▶ Brief
Would you reproduce each line below exactly, leaving every picture out?

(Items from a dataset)
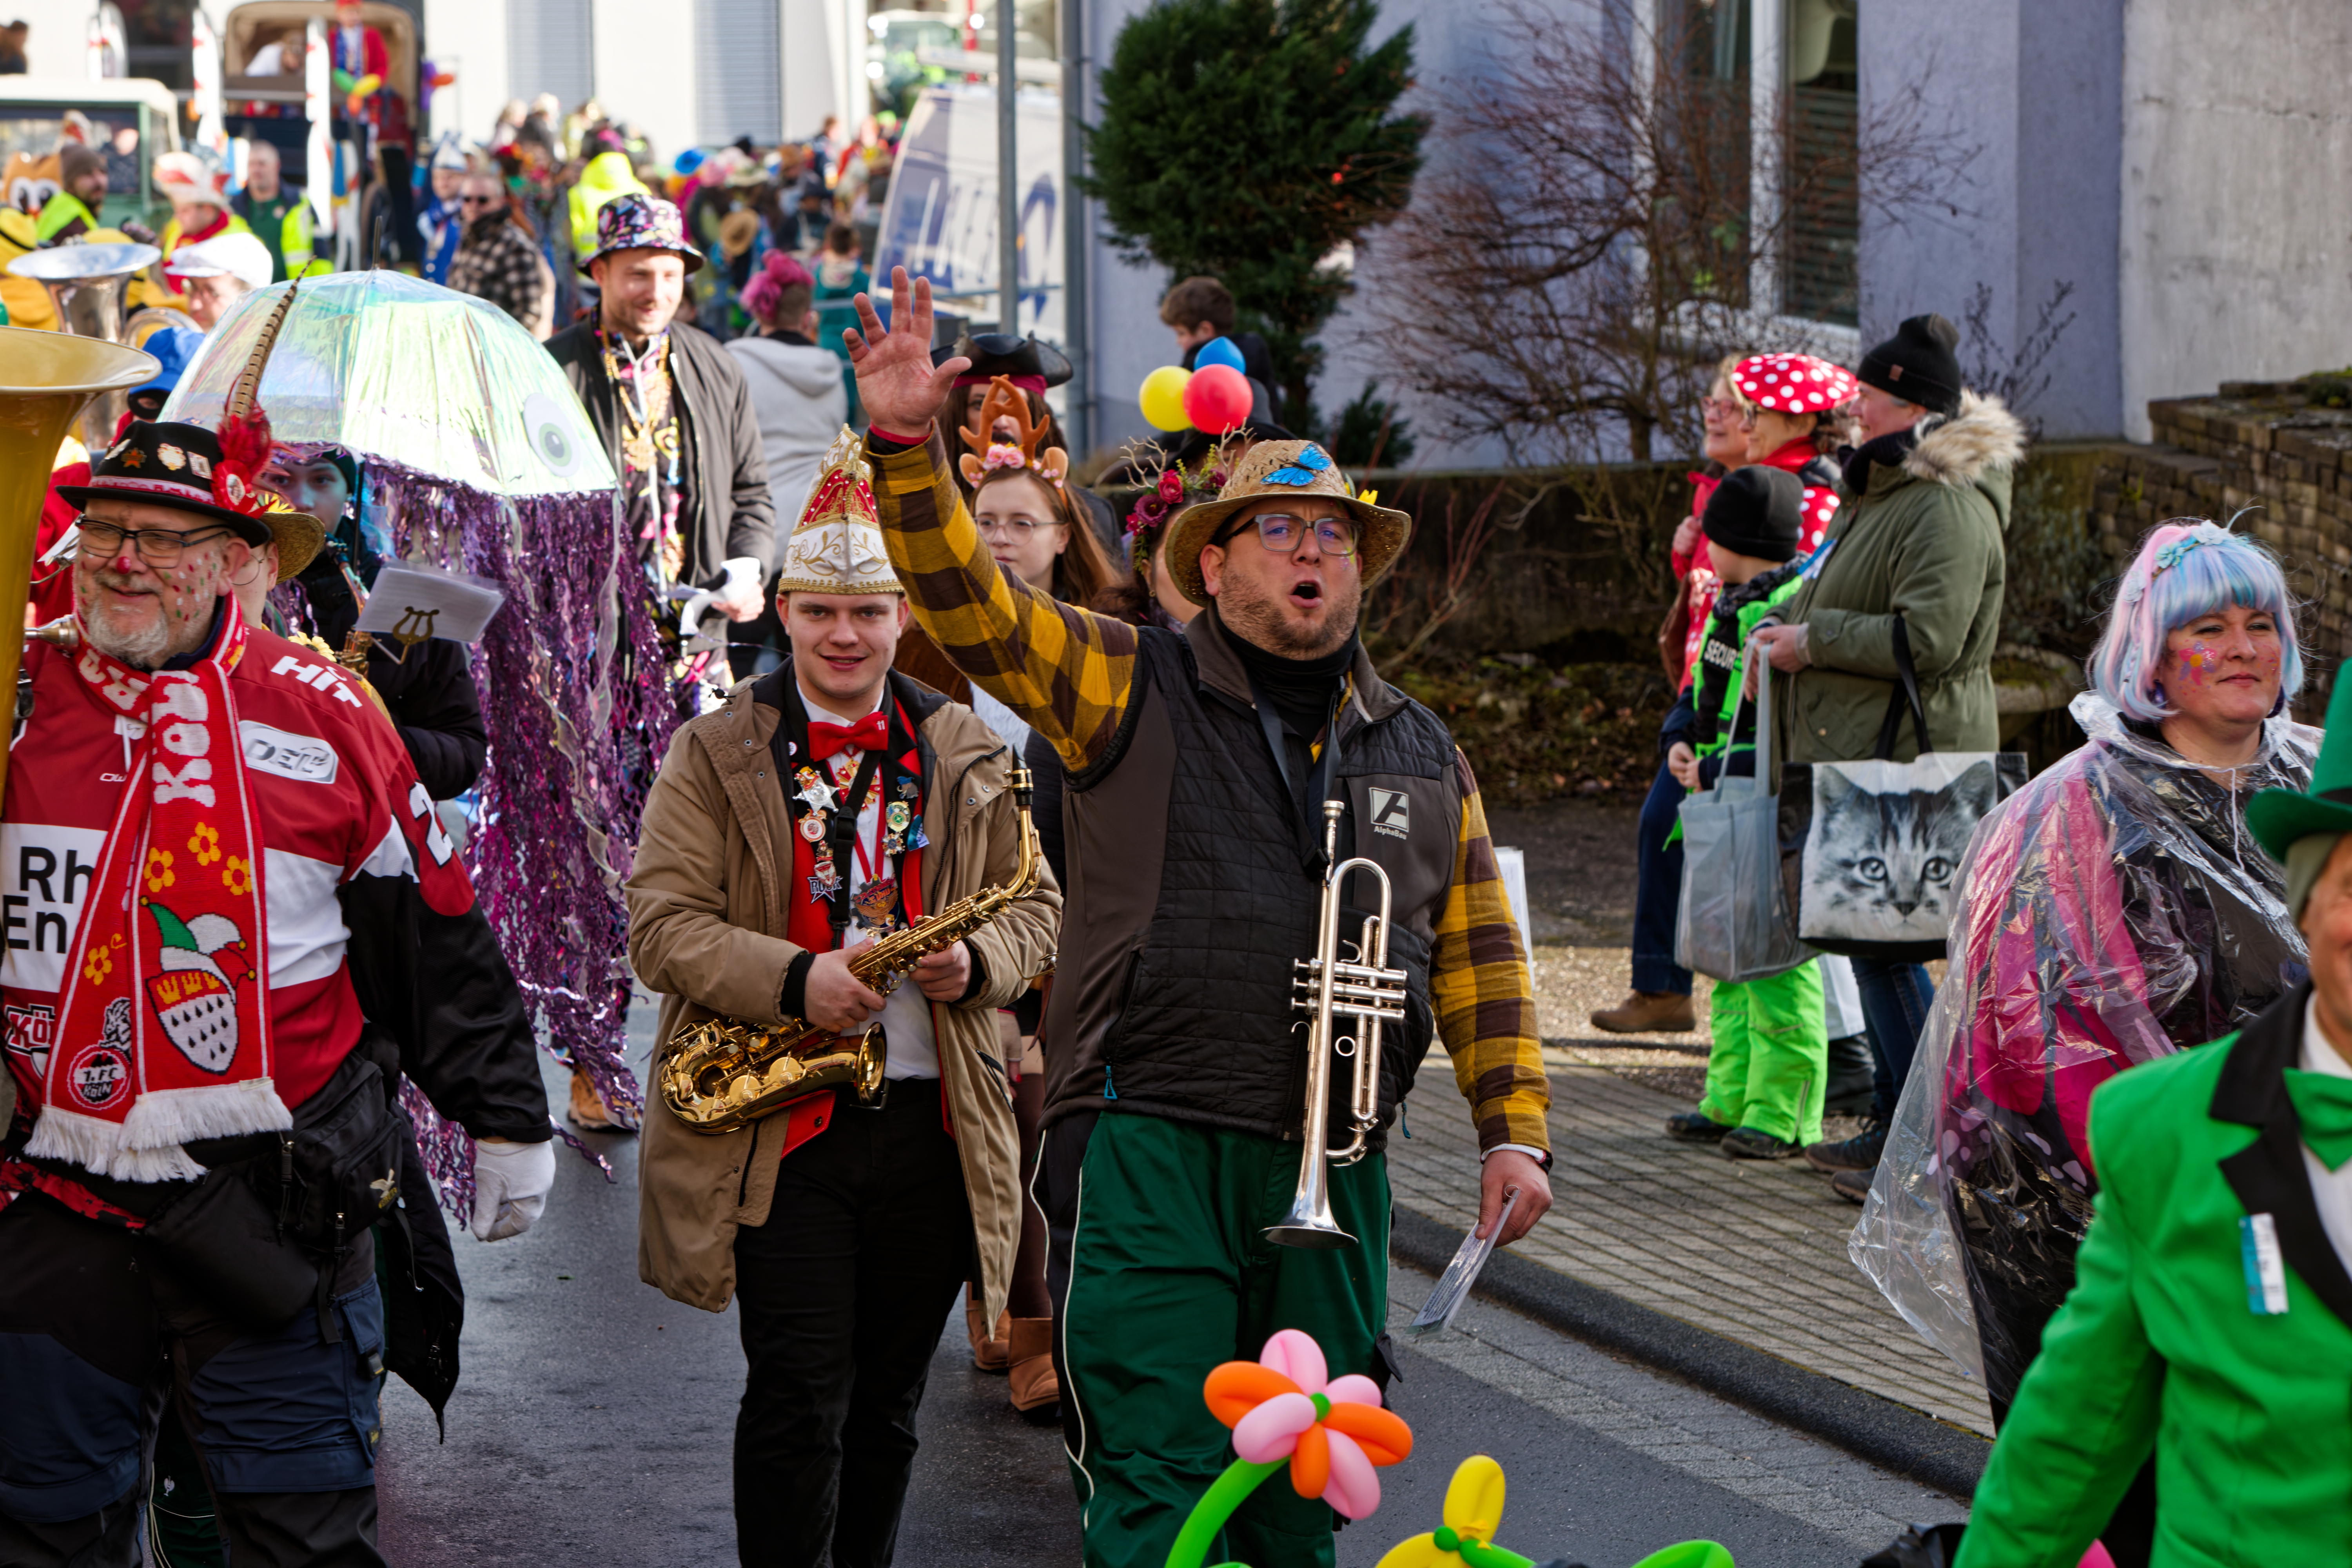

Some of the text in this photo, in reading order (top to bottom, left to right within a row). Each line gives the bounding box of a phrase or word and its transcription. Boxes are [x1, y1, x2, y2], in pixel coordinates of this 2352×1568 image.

[1704, 638, 1739, 671] SECUR
[151, 670, 216, 808] KÖL
[876, 720, 886, 731] 11
[244, 738, 316, 775] DEL
[1374, 825, 1407, 840] AlphaBau
[8, 1009, 54, 1050] KÖ
[83, 1082, 113, 1098] KÖLN

▶ Expected answer
Some of the text in this photo, in reading order (top to bottom, left to right within a row). Each line gives the bounding box of a phrase or word and its transcription. Boxes are [x1, y1, x2, y2], in pixel coordinates of this 2352×1568 image.

[1704, 638, 1739, 671] SECUR
[151, 670, 216, 808] KÖL
[876, 720, 886, 731] 11
[244, 738, 316, 775] DEL
[1374, 825, 1407, 840] AlphaBau
[8, 1009, 54, 1050] KÖ
[83, 1082, 113, 1098] KÖLN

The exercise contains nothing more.